■ Exercise
Nothing but the records, transcribed verbatim and stripped of images, should appear in the answer.

★ ★ ★

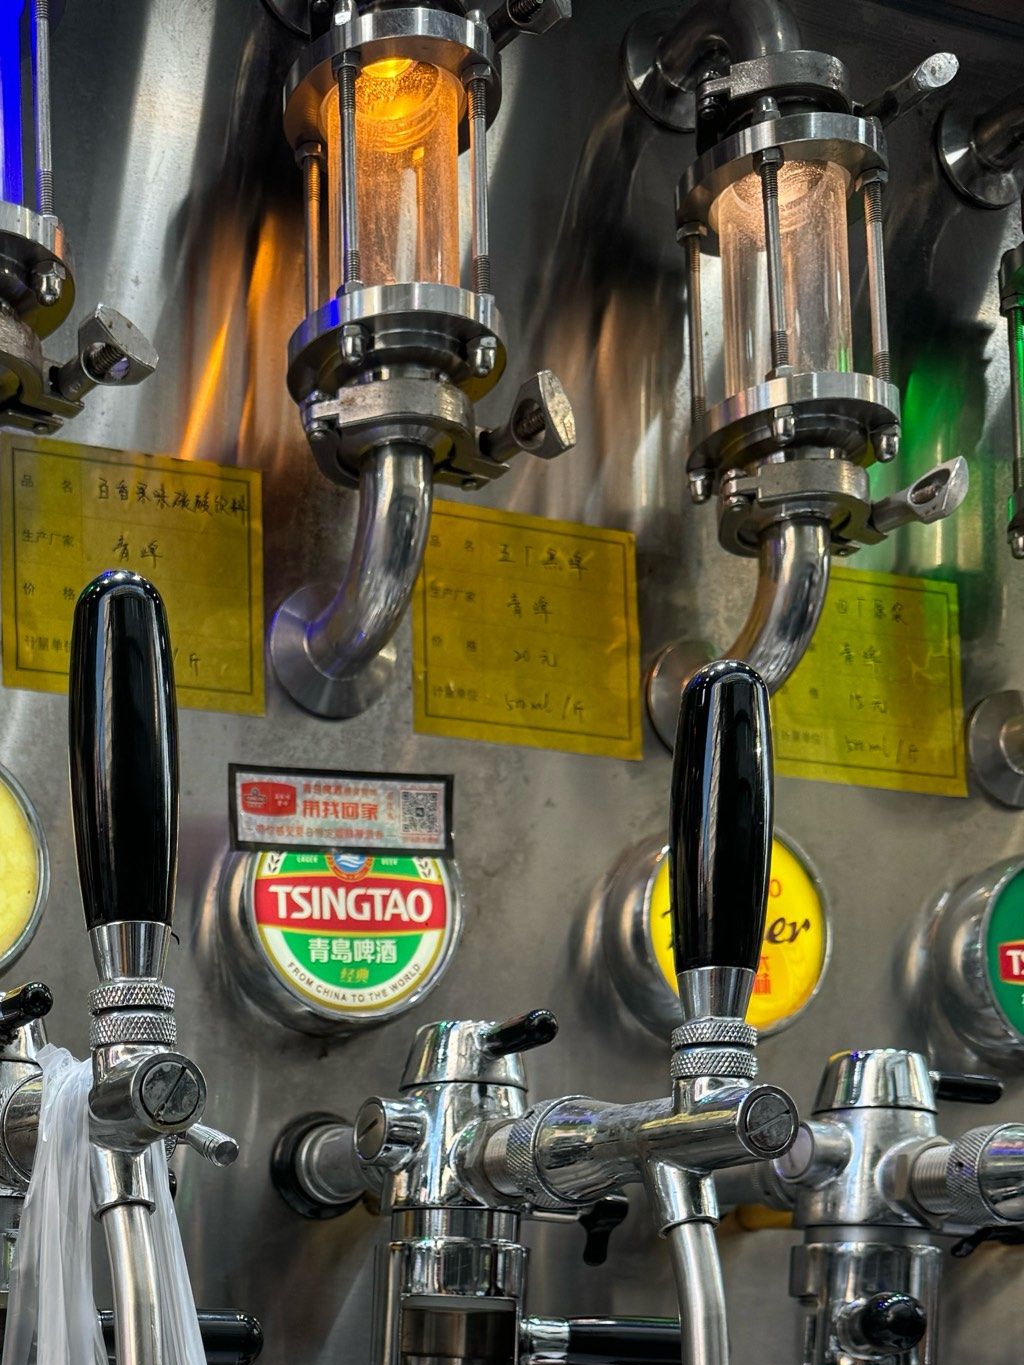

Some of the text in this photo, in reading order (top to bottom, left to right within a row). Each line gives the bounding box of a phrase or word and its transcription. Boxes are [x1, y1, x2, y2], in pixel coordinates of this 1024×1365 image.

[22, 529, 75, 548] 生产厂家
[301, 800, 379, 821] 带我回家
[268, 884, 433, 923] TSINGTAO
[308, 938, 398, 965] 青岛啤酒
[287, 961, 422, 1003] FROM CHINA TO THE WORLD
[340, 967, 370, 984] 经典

★ ★ ★

■ Result
Some of the text in this photo, in reading order (top to bottom, left to right within a row). Each line gives the bounding box of a phrase or word and its transcription. Boxes are [x1, y1, x2, y2], in pixel coordinates of this 1024×1365 image.

[22, 529, 75, 548] 生产厂家
[301, 800, 379, 821] 带我回家
[268, 884, 433, 923] TSINGTAO
[308, 938, 398, 965] 青岛啤酒
[287, 961, 422, 1003] FROM CHINA TO THE WORLD
[340, 967, 370, 984] 经典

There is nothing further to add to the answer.